> Work required
Except for the pictures, reproduce the records word for word.

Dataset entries
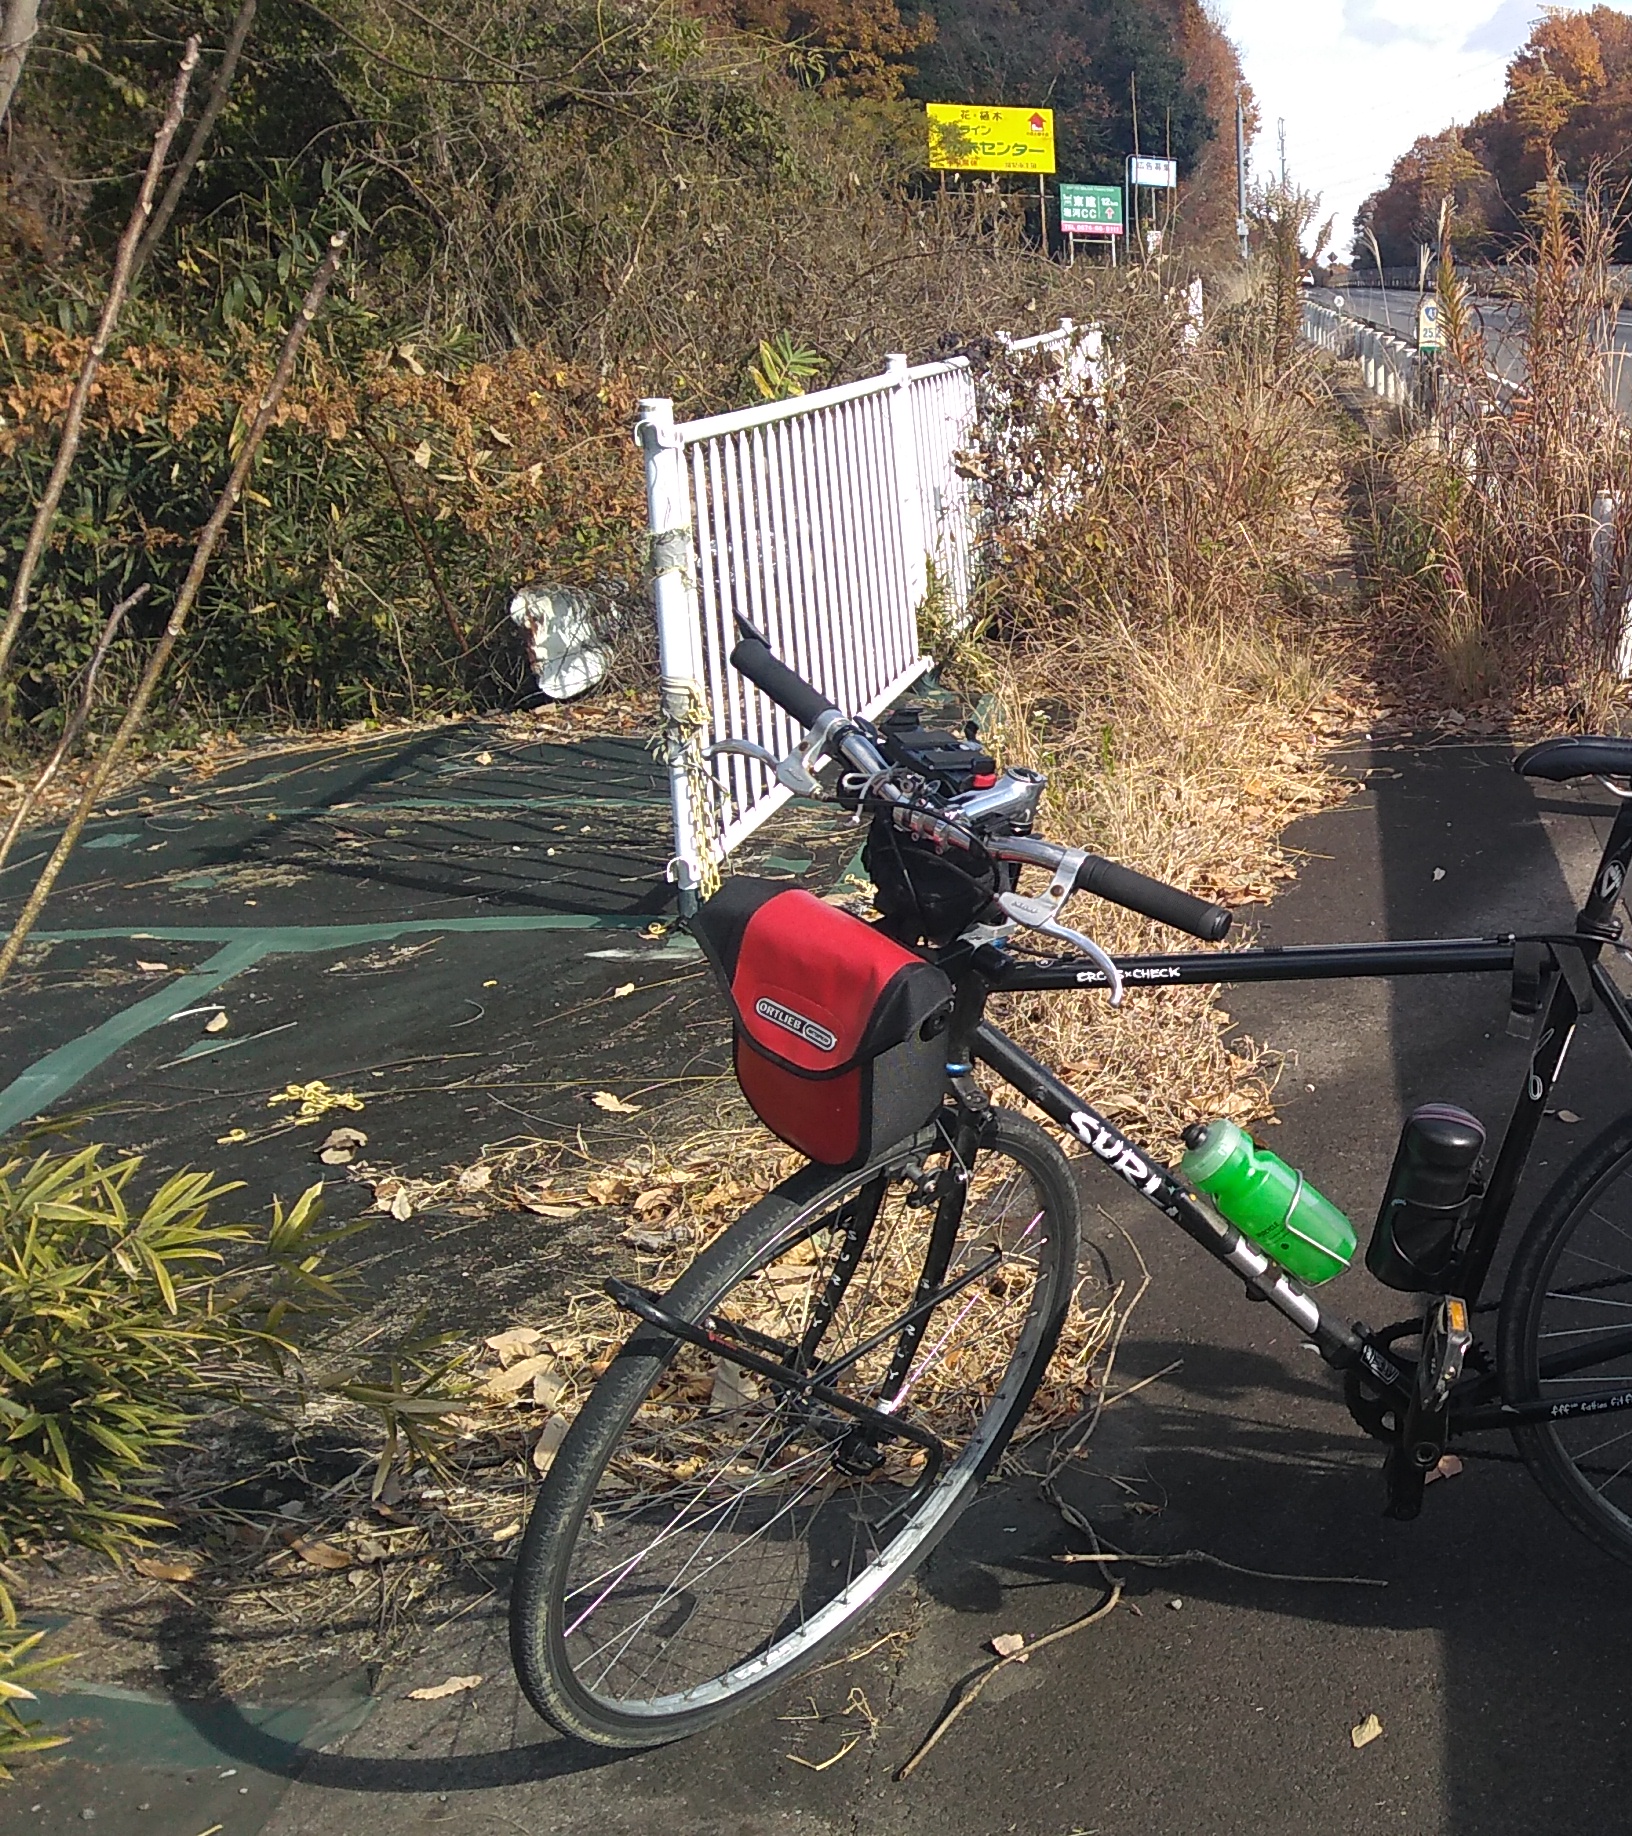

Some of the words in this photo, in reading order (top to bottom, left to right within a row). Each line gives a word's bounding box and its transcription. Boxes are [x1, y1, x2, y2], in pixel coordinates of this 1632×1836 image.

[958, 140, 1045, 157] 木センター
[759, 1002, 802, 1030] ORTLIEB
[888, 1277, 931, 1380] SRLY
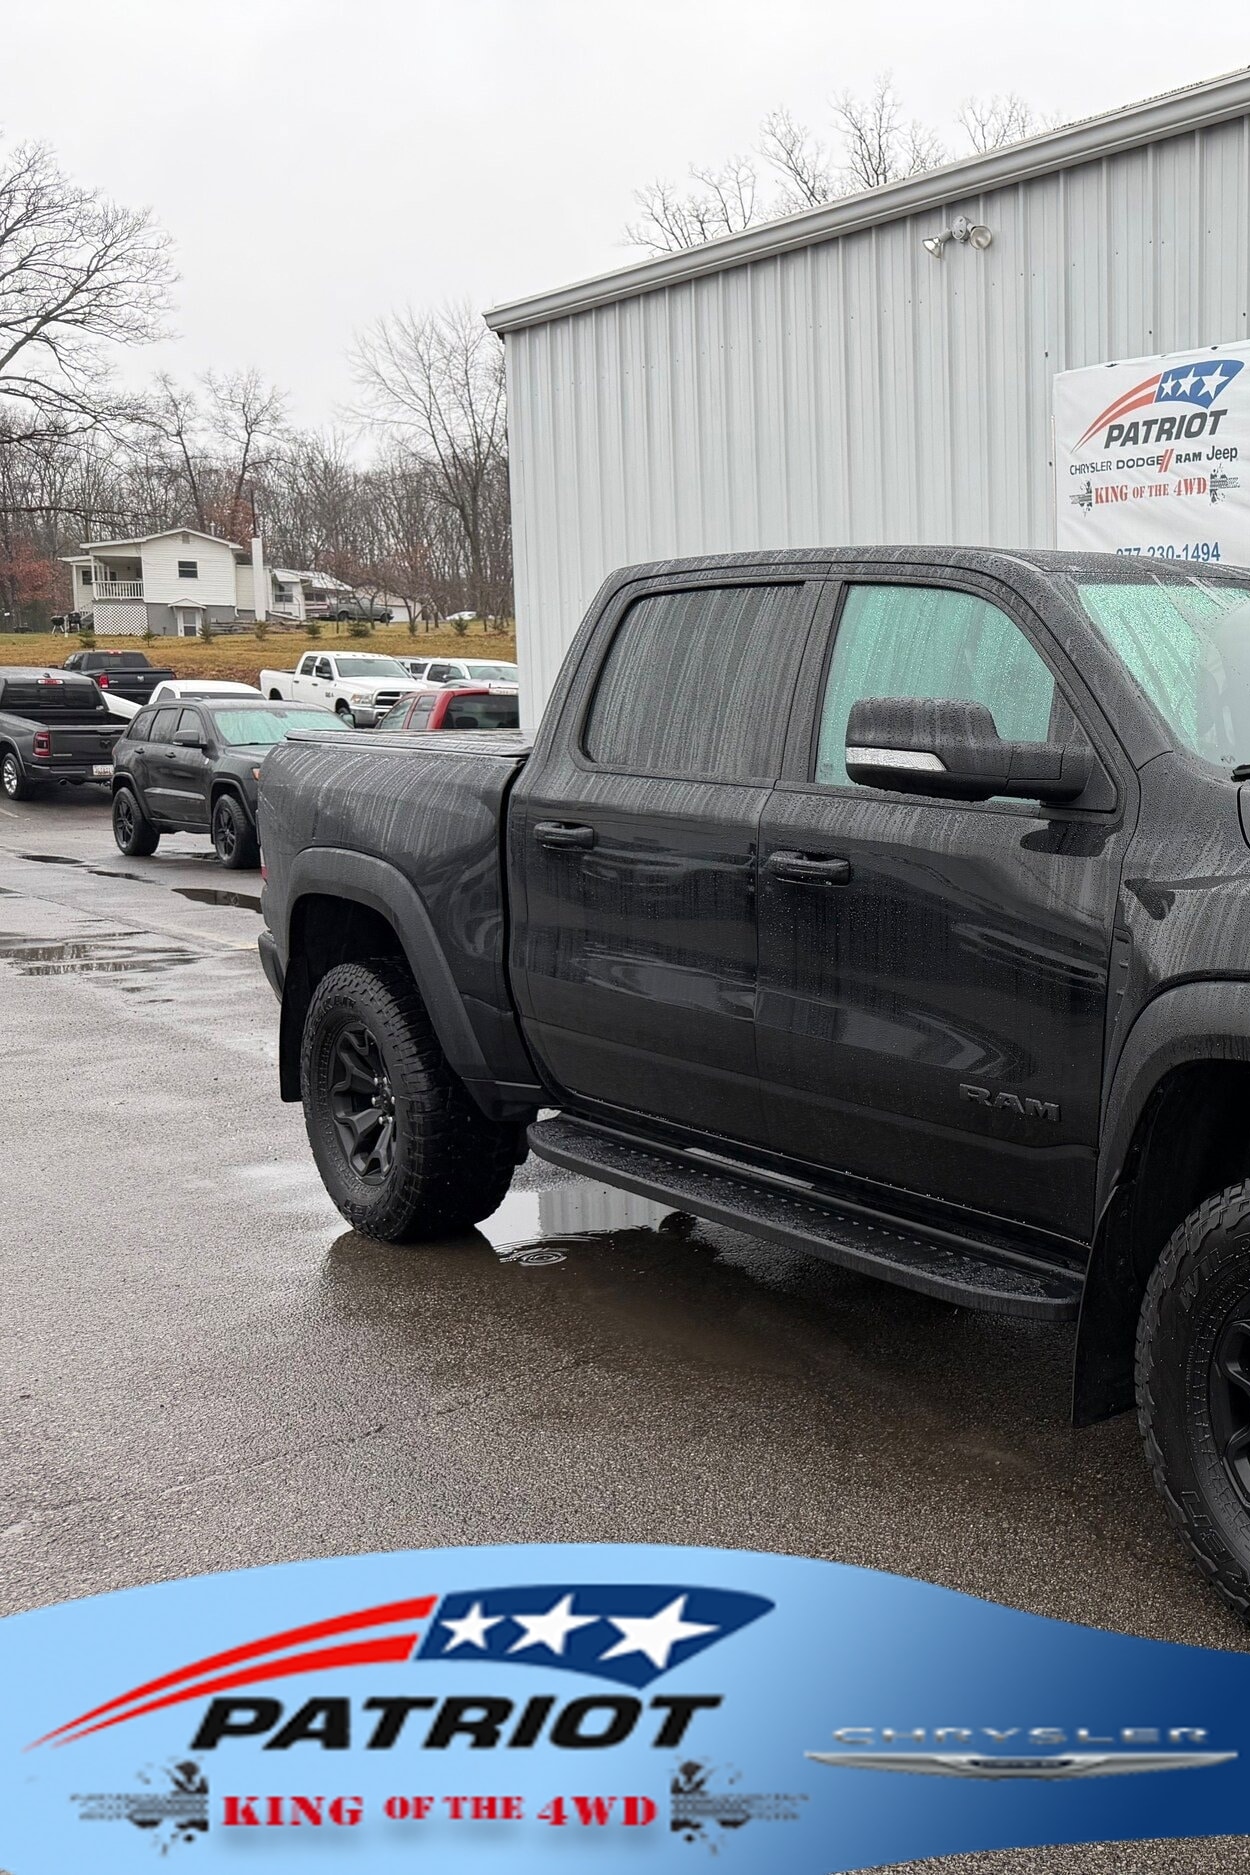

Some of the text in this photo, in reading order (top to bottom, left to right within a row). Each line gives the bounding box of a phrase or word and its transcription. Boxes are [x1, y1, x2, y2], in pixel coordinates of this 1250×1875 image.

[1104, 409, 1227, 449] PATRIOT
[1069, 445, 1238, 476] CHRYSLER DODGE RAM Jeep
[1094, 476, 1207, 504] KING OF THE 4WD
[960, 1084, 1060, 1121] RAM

> Solution for this exercise
Some of the words in this photo, in reading order (top to bottom, left to right within a row). Each line gives a word's bounding box and its transcription. Boxes are [x1, y1, x2, y2], in pixel coordinates of this 1632×1836 image.

[958, 140, 1045, 157] 木センター
[759, 1002, 802, 1030] ORTLIEB
[888, 1277, 931, 1380] SRLY

Some of the text in this photo, in reading order (top to bottom, left to right within a row). Each line gives the bounding box of a phrase or word and its transcription. Boxes are [x1, y1, x2, y2], in pixel coordinates of this 1250×1875 image.

[1104, 409, 1227, 449] PATRIOT
[1069, 445, 1238, 476] CHRYSLER DODGE RAM Jeep
[1094, 476, 1207, 504] KING OF THE 4WD
[960, 1084, 1060, 1121] RAM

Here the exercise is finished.